2004年5月19日水曜日

Winnyで見えて来る法整備の問題

Winnyの製作者が逮捕されましたが、そこで問われているのが「ソフトの製作者の責任」についてです。
このツール、Winnyについては以前から違法コピー問題が取り立たされていました。匿名性は高く、ブロードバンド化して来た今の社会では映画やゲームなどが簡単にコピーできてしまうと言う問題です。
しかし、その一方でその「キャッシュ」という仕組みを利用して、あらたなスタイルを摸索していた人達も居ました。それは、フリーなコンテンツの提供者たちです。
フリーソフトや自主制作の作品にとって、やはりネックになるのは「認知度」にあると思います。
大々的に宣伝などをおこなえる大手の企業などと違い、HPで告知するだけなどの手しか打つことの出来ないクリエイターも少くないでしょう。
そういった人達に取ってみると、Winnyのようなソフトは大変価値あるソフトになります。なぜなら、誰かがダウンロードして行く度、その人のキャッシュに又自分がコピーされて行くのですから。
この様に、うまく使えば元手を抑えて広めることだって出来るんです。
ならば、何が問題だったんでしょう?ユーザが著作権にひっかかるファイルを垂れ流したことにも問題はあるでしょう。
ただ、私は敢えて言いたい。今必要なのはネットに対する「道徳感」「倫理感」と言うものを浸透させることがまず先だろうと。

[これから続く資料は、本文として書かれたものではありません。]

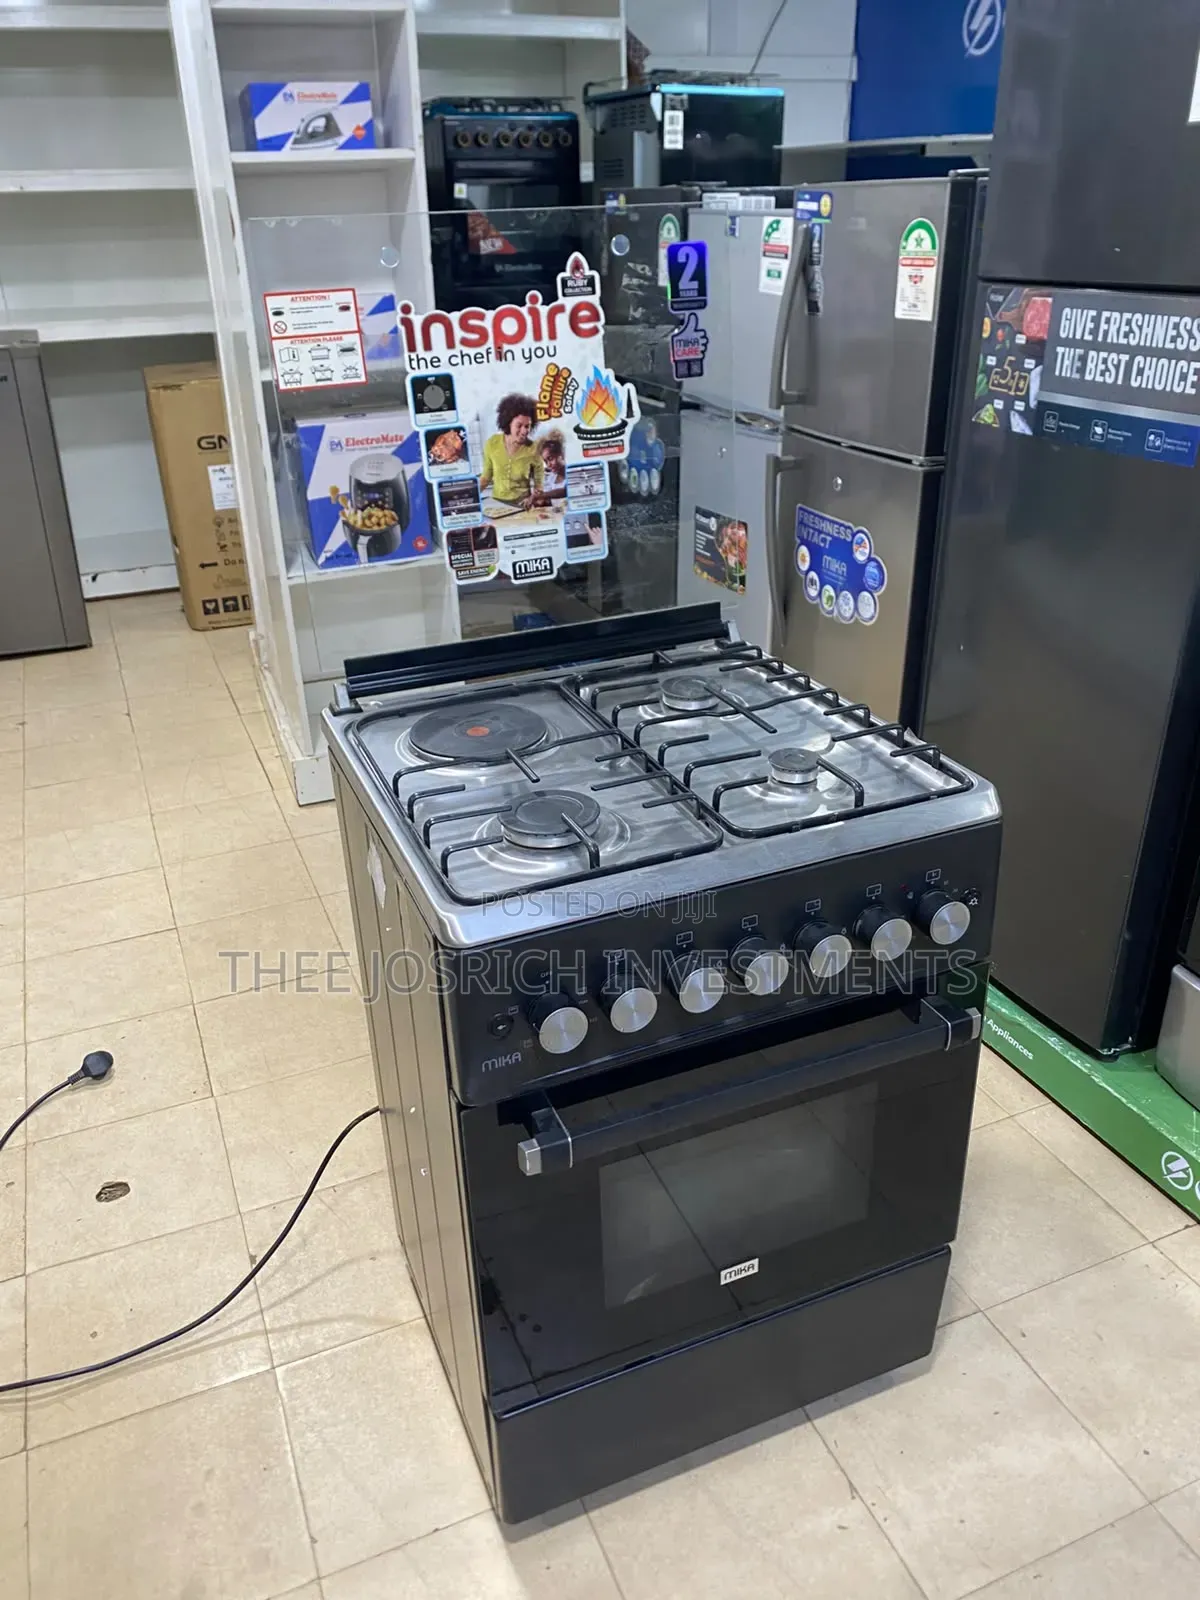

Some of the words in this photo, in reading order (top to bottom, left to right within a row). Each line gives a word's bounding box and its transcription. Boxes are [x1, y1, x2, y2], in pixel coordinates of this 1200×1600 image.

[480, 238, 503, 254] NEW
[678, 246, 699, 290] 2
[567, 279, 588, 288] RUBY
[291, 295, 327, 303] ATTENTION
[400, 293, 600, 361] inspire
[1059, 307, 1097, 341] GIVE
[1097, 310, 1200, 352] FRESHNESS
[675, 337, 700, 348] MIKA
[675, 348, 700, 357] CARE
[408, 354, 441, 370] the
[448, 349, 492, 366] chef
[497, 346, 515, 362] in
[522, 345, 557, 364] you
[1055, 346, 1084, 379] THE
[1084, 350, 1130, 385] BEST
[1130, 355, 1200, 395] CHOICE
[537, 363, 559, 420] Flame
[551, 367, 571, 418] Failure
[564, 377, 579, 413] Safety
[345, 433, 404, 447] ElectroMate
[799, 510, 852, 542] FRESHNESS
[799, 524, 832, 549] INTACT
[516, 558, 550, 574] MIKA
[822, 555, 847, 576] MIKA
[987, 1018, 1034, 1061] Appliances
[482, 1052, 522, 1072] MIKA
[724, 1263, 755, 1280] MIKA

どうして違法コピーが絶えないのか。それは「倫理感」に欠けるからではないでしょうか?私たちがこれだけ街中を安心して出掛けられるのは、法律によって「殺人」は「傷害」その他もろもろが禁じられているから。また、そのことが浸透しているからではないでしょうか?
もし、「殺人」や「傷害」が法で禁じられていてもそのことが「倫理」として浸透していなければ、どうなるでしょう…?
今ネットの進化する速度はとても速いです。法が追い付いて行っていないのが現状の中で、「倫理感」くらいは、なんとか訴えて行けるのではないでしょうか。いや、むしろ訴えて行くべきなのでしょう。Winny以外にも情報漏洩や情報の違法売買が横行してしまっている中、歯止めを掛けられるとしたら「周りの雰囲気」ではないかと思うのです。
どうしてもPCは個人で使うことが多く、周りの雰囲気によって思いとどまる、と言うことが少いかとは思います。でも、周りがやっぱり「そういうのは、よくない!」という雰囲気であれば、思いとどまる人も出て来ると思うんです。
ソフトウェアの製作者が逮捕されてしまうのは残念でならないです。
これを機に、「道徳感」「倫理感」というものに目を向けてもらえたらな、と思います。